Autora: Georgina Orellano
Tradução: Helena Pitta
Editora: Orfeu Negro

Páginas: 264

Outro dos objetivos da autora, como se torna óbvio pelo título, é o de se apoderar da palavra puta, despindo-a da ofensa e usando-a com orgulho (“que acontece se a puta que te pariu é de facto uma puta?”). Mas também prevalece a importância de se autoproclamarem trabalhadorxs sexuais (a opção pela linguagem neutra é de Orellano), dado que “a referência ao trabalho sempre estivesse estado presente: as frases ‘hoje vou trabalhar até às x horas’, ‘amanhã não venho trabalhar porque tenho o espectáculo do meu filho na escola’ (…) ou ‘até que horas trabalhas?’ faz parte dos diálogos quotidianos entre colegas”.

Apesar de ser uma óbvia peça de ativismo (à qual, por certo, muitas pessoas não darão sequer uma oportunidade de folhear exatamente por isso), não é por isso que Georgina Orellano deixa de ter uma capacidade desbragada de contar histórias que mantém a leitura escorreita e emocional (não confundir com piegas). Além da história da própria, há relatos sobre todo o tipo de clientes (incluindo os que se tornam amigos, amantes ou simplesmente os iludidos) e sobre a constantemente mencionada sororidade entre prostitutas, sendo o livro dedicado “às companheiras de esquina, pela amizade que construímos na rua”.

Georgina começou na prostituição aos 19 anos, puxada pela emancipação financeira — “é uma opção tentadora, embora ser puta não seja para todas. Como também não o é ser ama, explicadora, empregada doméstica ou caixa de supermercado”. Escondeu da família durante oito anos. De fora do livro estarão, certamente, momentos mais duros, sobretudo porque Orellano não gosta que lhe perguntem pelo medo (que diz ser geral às mulheres nas mais variadas situações), pelo mudar de vida, pelo ser “boa demais” para aquela profissão. Considera que é na sua profissão, essencial numa sociedade capitalista, que está o seu contexto pessoal no qual melhor sabe gerir a sua força e emancipação (“com o cliente negoceio tudo, mas com o tipo com quem ando, nada”).

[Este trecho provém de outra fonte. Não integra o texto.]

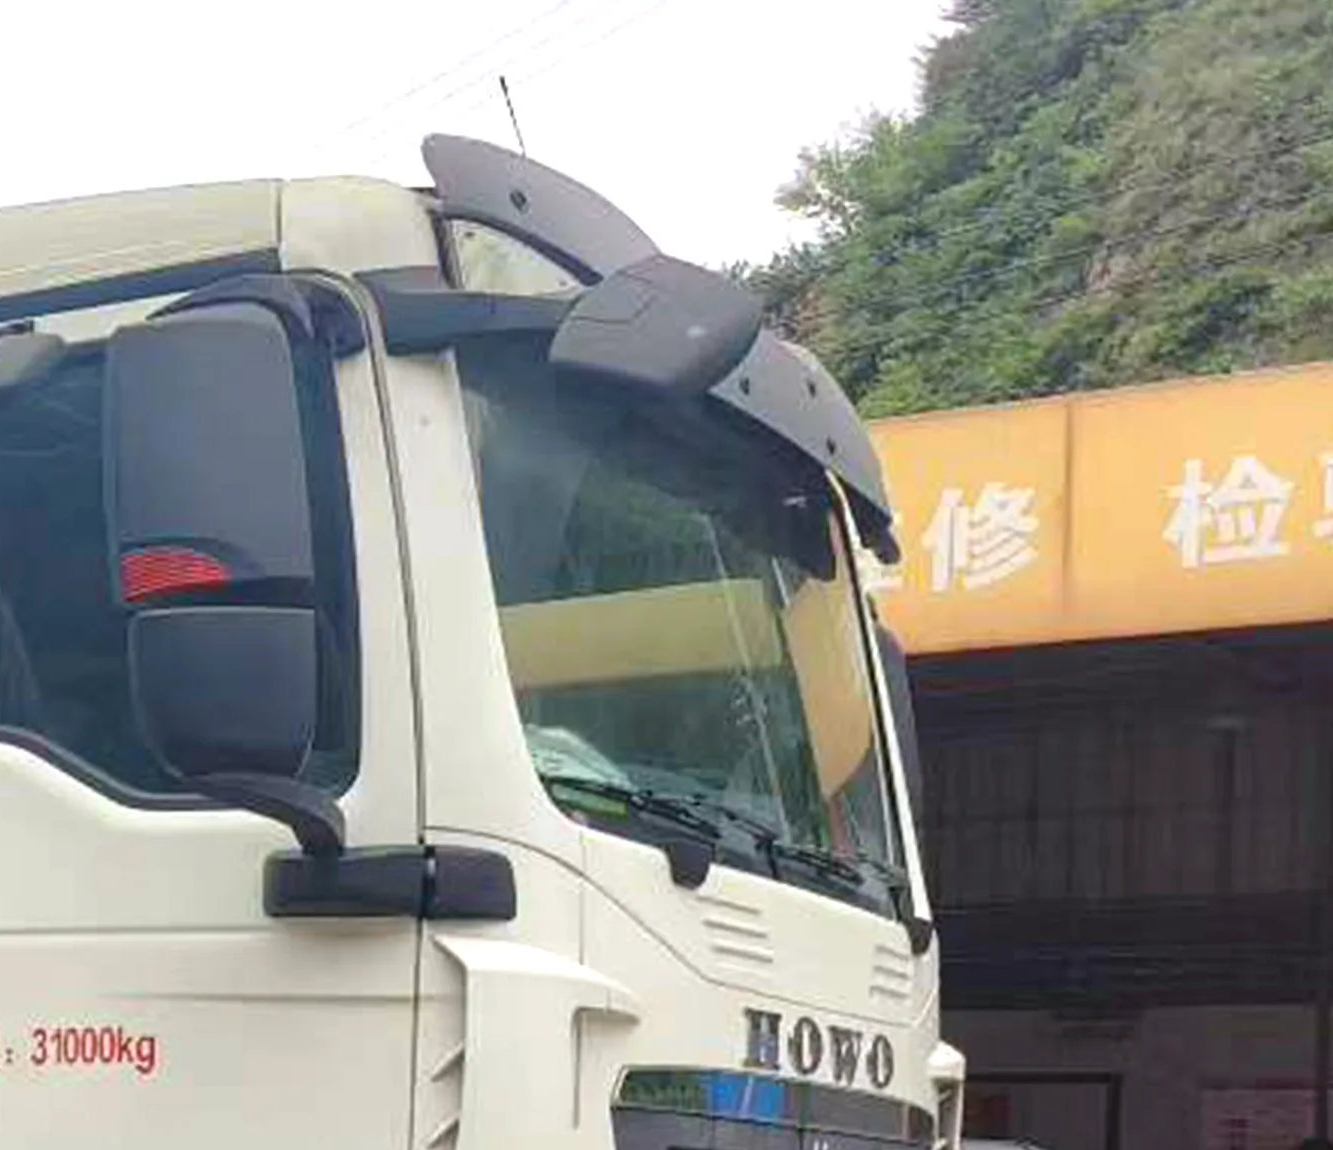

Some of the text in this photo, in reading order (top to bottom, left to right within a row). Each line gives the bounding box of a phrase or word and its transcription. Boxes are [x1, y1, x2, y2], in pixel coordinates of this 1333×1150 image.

[871, 455, 1333, 591] 修 检
[744, 1007, 894, 1090] HOWO

Mais do que se autodenominar de puta, o mais difícil para a secretária-geral da AMMAR foi mesmo afirmar-se feminista, já que durante anos o viu como inimigo das suas escolhas de vida, um refúgio de mulheres privilegiadas que a queriam libertar de algo de que não queria ser libertada. O livro aborda também esse caminho, sempre a braços com as consequências da clandestinidade e a relação atribulada com a polícia. “O meu trabalho não é indigno, indignas são as condições em que temos de exercê-lo.”

Puta Feminista — Histórias de Uma Trabalhadora Sexual não convencerá todos, já que não se afasta um milímetro sequer do mote ativista que quer lançar. Porém, quem queira ver uma perspetiva diferenciada e na primeira pessoa pode, concordando ou não, encontrar aqui vários motes para reflexão. Sempre ancorados numa capacidade de contar histórias que é e continuará a ser melhor o motor para nos metermos nos sapatos (de salto alto) de outra pessoa.